About “the mass is the mass” => that may well be, but what is the Mass?
In other words – IT’S THE SAME AS EVERY OTHER LITURGY out there. At any given time, at any given parish, it’s possible to show up to a Mass that runs the spectrum. There’s nothing built into LT from the start that pushes it in one direction or the other.
I invite anyone to go to Life Teen’s website and download their sample Liturgical Planning Guide (it’s a pdf and you have to a free registration) and see for themselves. In addition to suggesting having the youth come up during the homily with placards, take a look at the song suggetions. There is one, count ’em, ONE genuinely traditional hymnn recommended in a list of about 25 of the usual pop-praise goop. So while one can duck under the cover that LT does not make you do those things, let’s not pretend that their suggestions don’t push in one direction.

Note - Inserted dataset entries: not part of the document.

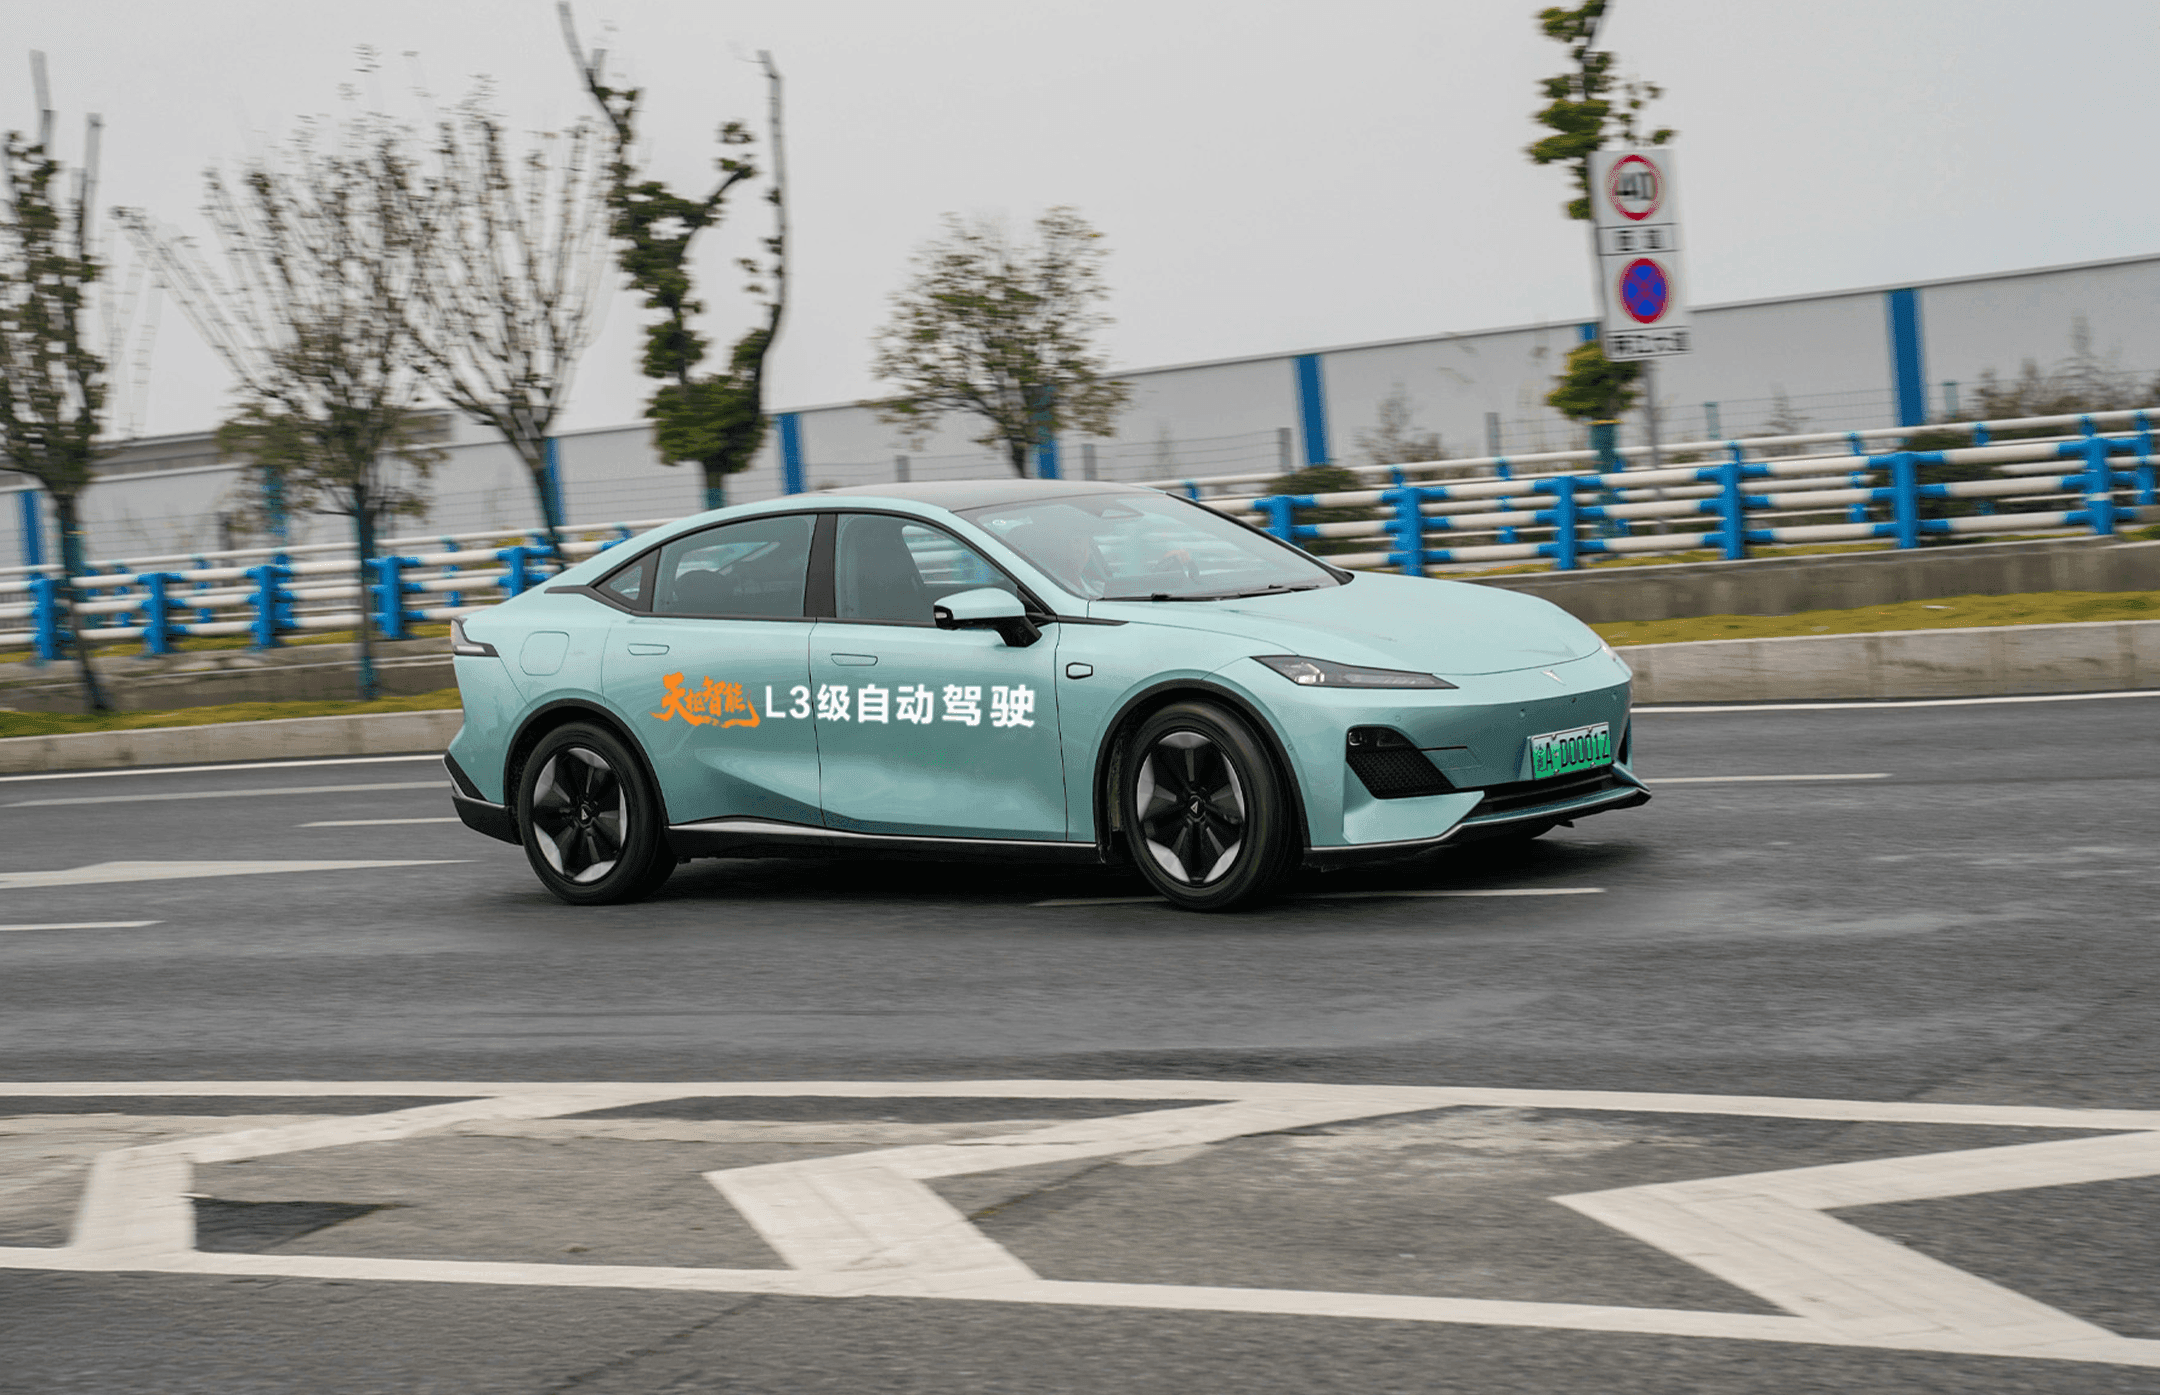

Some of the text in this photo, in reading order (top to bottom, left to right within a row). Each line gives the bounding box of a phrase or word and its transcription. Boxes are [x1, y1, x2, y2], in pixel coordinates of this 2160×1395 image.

[765, 683, 1035, 728] L3级自动驾驶
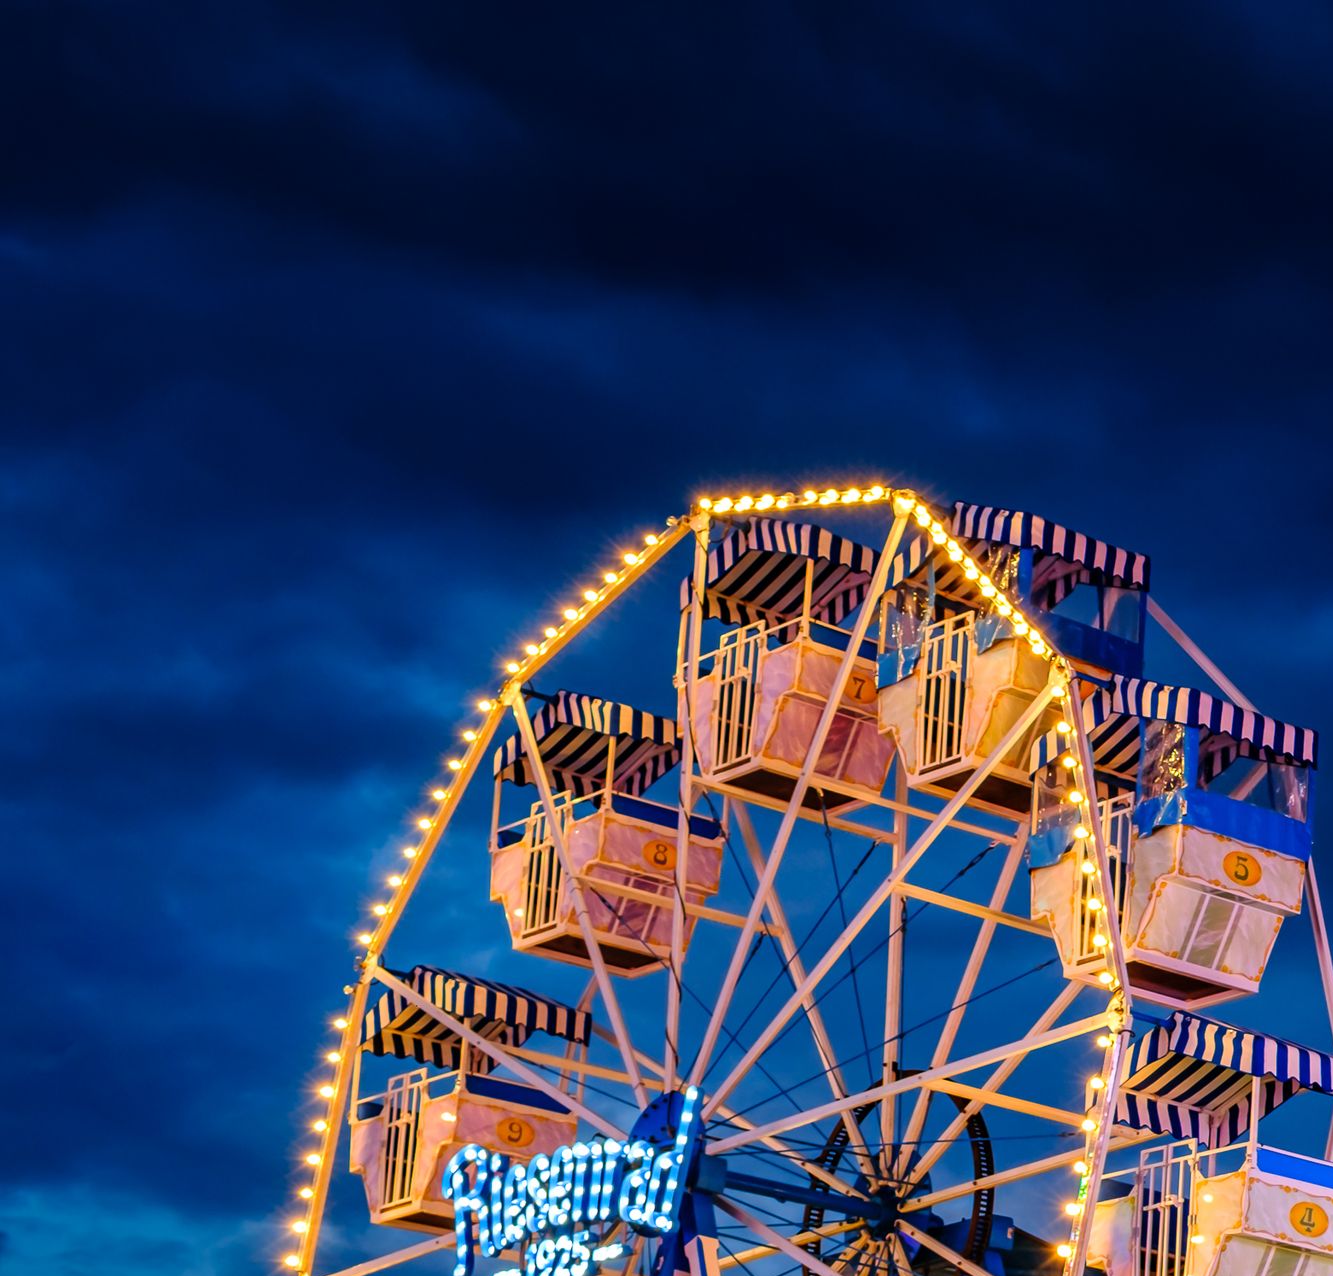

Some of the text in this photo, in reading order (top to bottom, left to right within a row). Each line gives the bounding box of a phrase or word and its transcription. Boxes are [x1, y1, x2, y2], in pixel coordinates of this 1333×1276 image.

[852, 676, 866, 700] 7
[653, 843, 668, 866] 8
[1234, 855, 1249, 881] 5
[507, 1121, 524, 1144] 9
[1299, 1207, 1316, 1233] 4
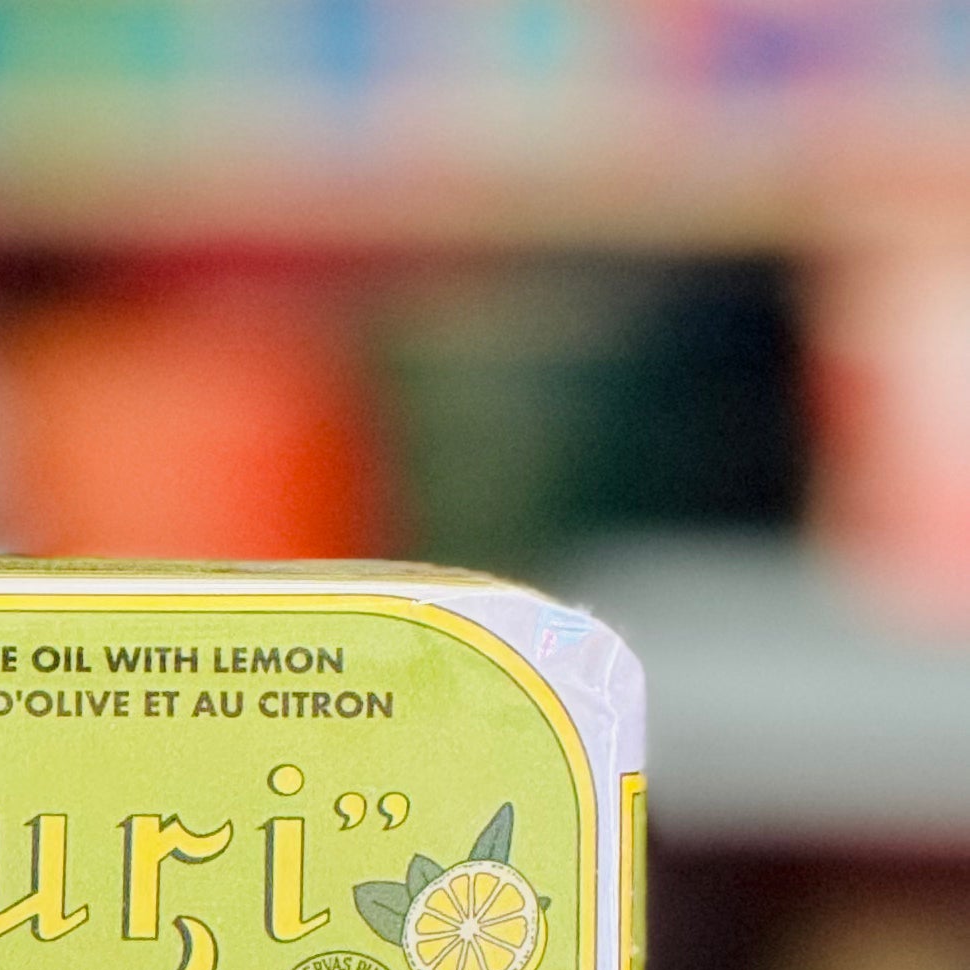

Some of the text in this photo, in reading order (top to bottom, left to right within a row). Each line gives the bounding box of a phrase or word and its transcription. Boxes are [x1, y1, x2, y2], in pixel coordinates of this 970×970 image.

[31, 645, 92, 674] OIL
[104, 646, 198, 674] WITH
[214, 646, 344, 675] LEMON
[144, 691, 180, 718] ET
[191, 691, 243, 719] AU
[258, 691, 394, 719] CITRON
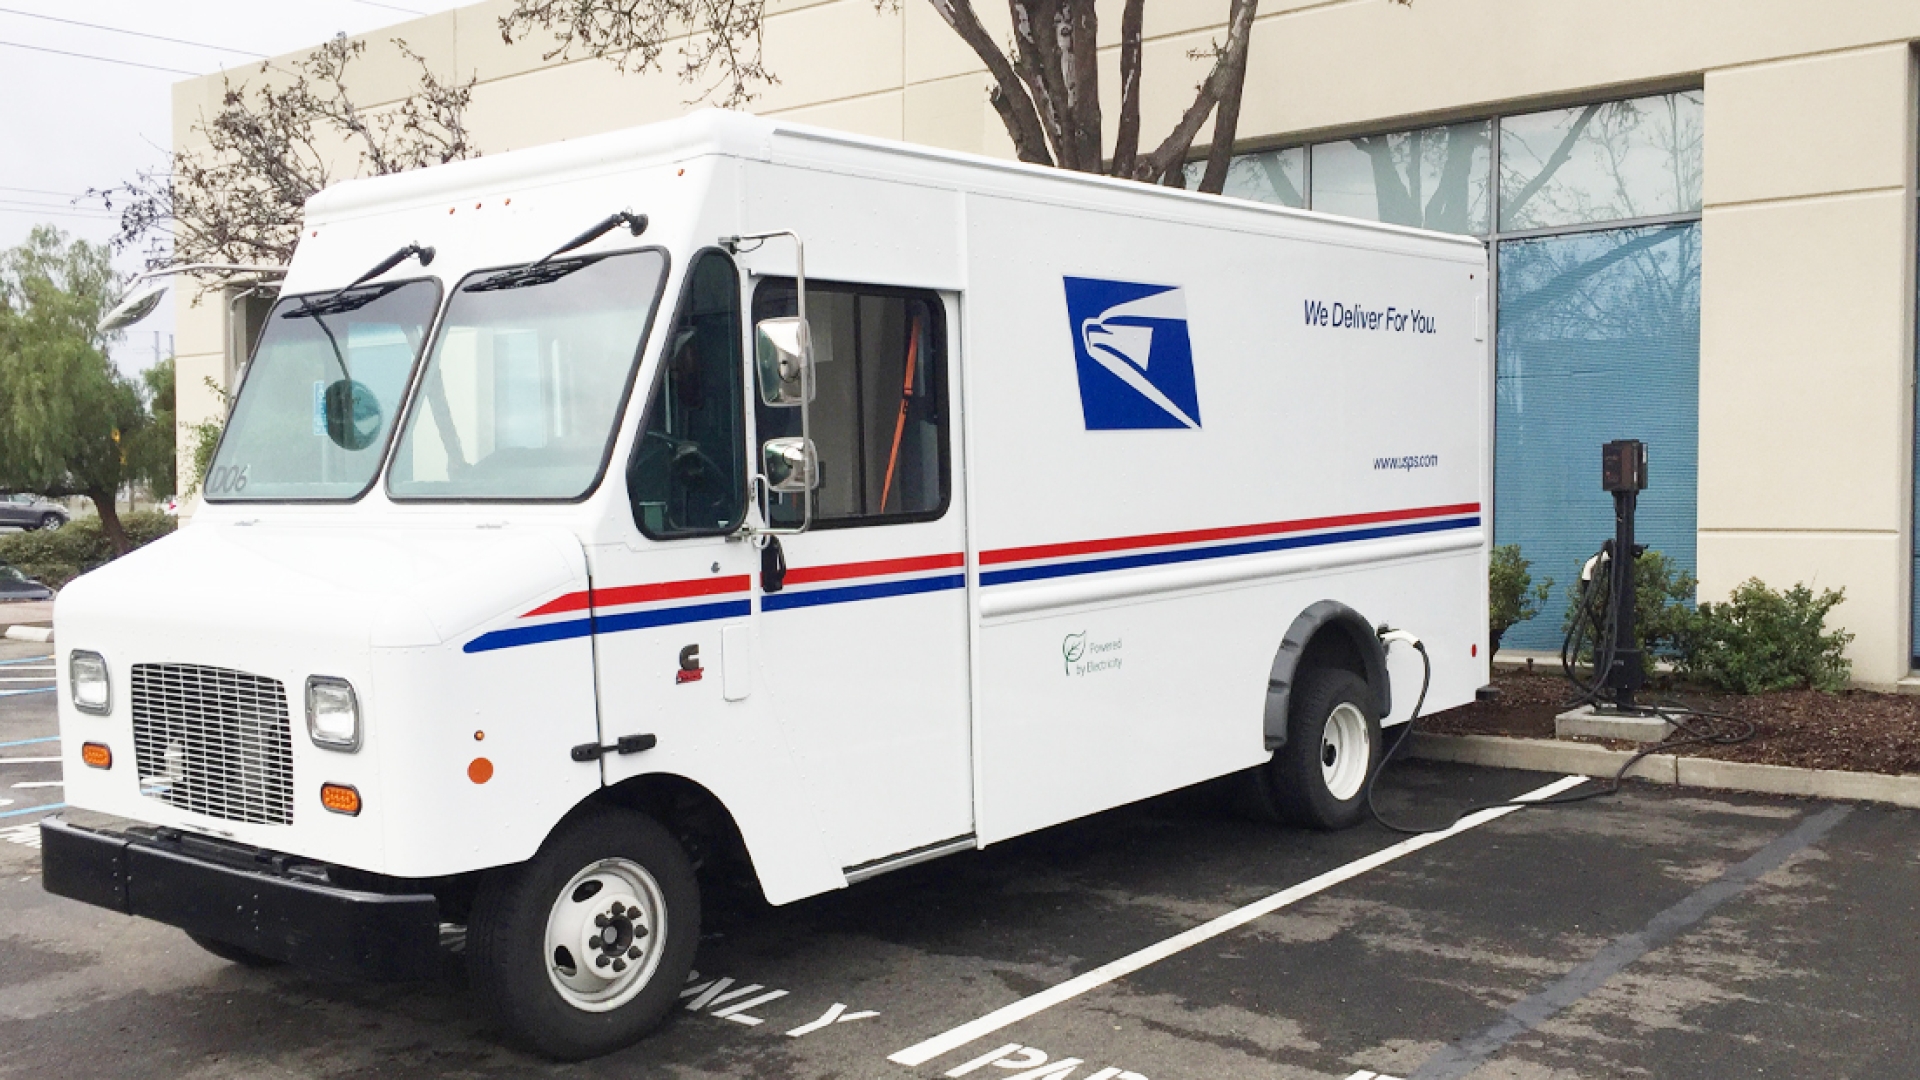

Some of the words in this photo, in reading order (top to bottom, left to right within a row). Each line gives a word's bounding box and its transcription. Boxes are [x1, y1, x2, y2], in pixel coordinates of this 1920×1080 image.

I just read the posts on the court jester blog from earlier this month.
I have just come back from only my second ever life teen mass. I missed my usual morning mass.
I can not stand life teen Masses.
I was noticing that maybe these masses are more for the adults than they are the teens. The adults and elderly were swaying to the music and singing, while the teens looked like slumps who didn’t want to be at Mass in the first place. I also didn’t notice any more teens at this mass than at any other. Not much, anyway. There were more adults. Seemed like one time hippie adults to me.
The music was too loud and a few of the tunes were from popular rock Christian bands. I’m guessing that these teens don’t listen to Christian music outside of the lifeteen mass.
There’s definitely a disconnect between the attempts of the lifeteen mass, and the teens.
A girl, at least 16 years old, a couple of pews in front of me, was chewing bubble gum throughout the whole Mass!
My observation leads me to my guesstimation that the adults enjoy the teen mass because they are more firm in their faith and know what the Mass is about, so they can merge the songs with the Mass as to their faith.
The teens seem to look as if they don’t think the Mass is any “cooler” with rock music, and Christian rock music to boot, which in the pervasive secular world, isn’t “cool” anyway.
What needs to be done is better Catechisis (sp?), starting in the home, to educate and elevate our youth to understanding the power of the faith. With true faith there is no need for hollow entertainment. We need to drag our parents to Catechism class never mind just their kids.
I prefer to go to the Tridentine Mass when I’m able, and the children and teens that attend that mass look like scholars, compared to the kids and even the adults in the common Mass.
Are we not supposed to go to Mass to receive Our Lord? Aren’t we supposed to listen to God through the Liturgy and introspective prayer during the Eucharist?
How can these kids learn to listen to God, when in our society there is non stop noise with i-pods, and cds’ with loud music and partying, when we present them with the same mind dwarfing nonsense in the Holy Sacrifice of the Mass? The Church is supposed to be the place of solace, to get away from the world and it’s unruly offerings so that we can truly find God in adoration and reverence.
We’re blocking God out with noise, not letting him in.
Sorry — the CURT Jester!
Just a quick comment. I was searching for music to use for my wedding. Maybe I was exposed to an awesome life teen group with very holy priests but I think life teen is great! To me it encompasses the passion and excitement I have for my faith. I started attending when I was in highschool and now that I’m graduated and working I find it refreshing to see young people loving to go to Mass. It doesn’t take away from the mass it allows people to put their whole being into it!
What does “Holy Mother Church” say about the music for the “Holy Sacrifice of the Mass”, that it should be, are we listening?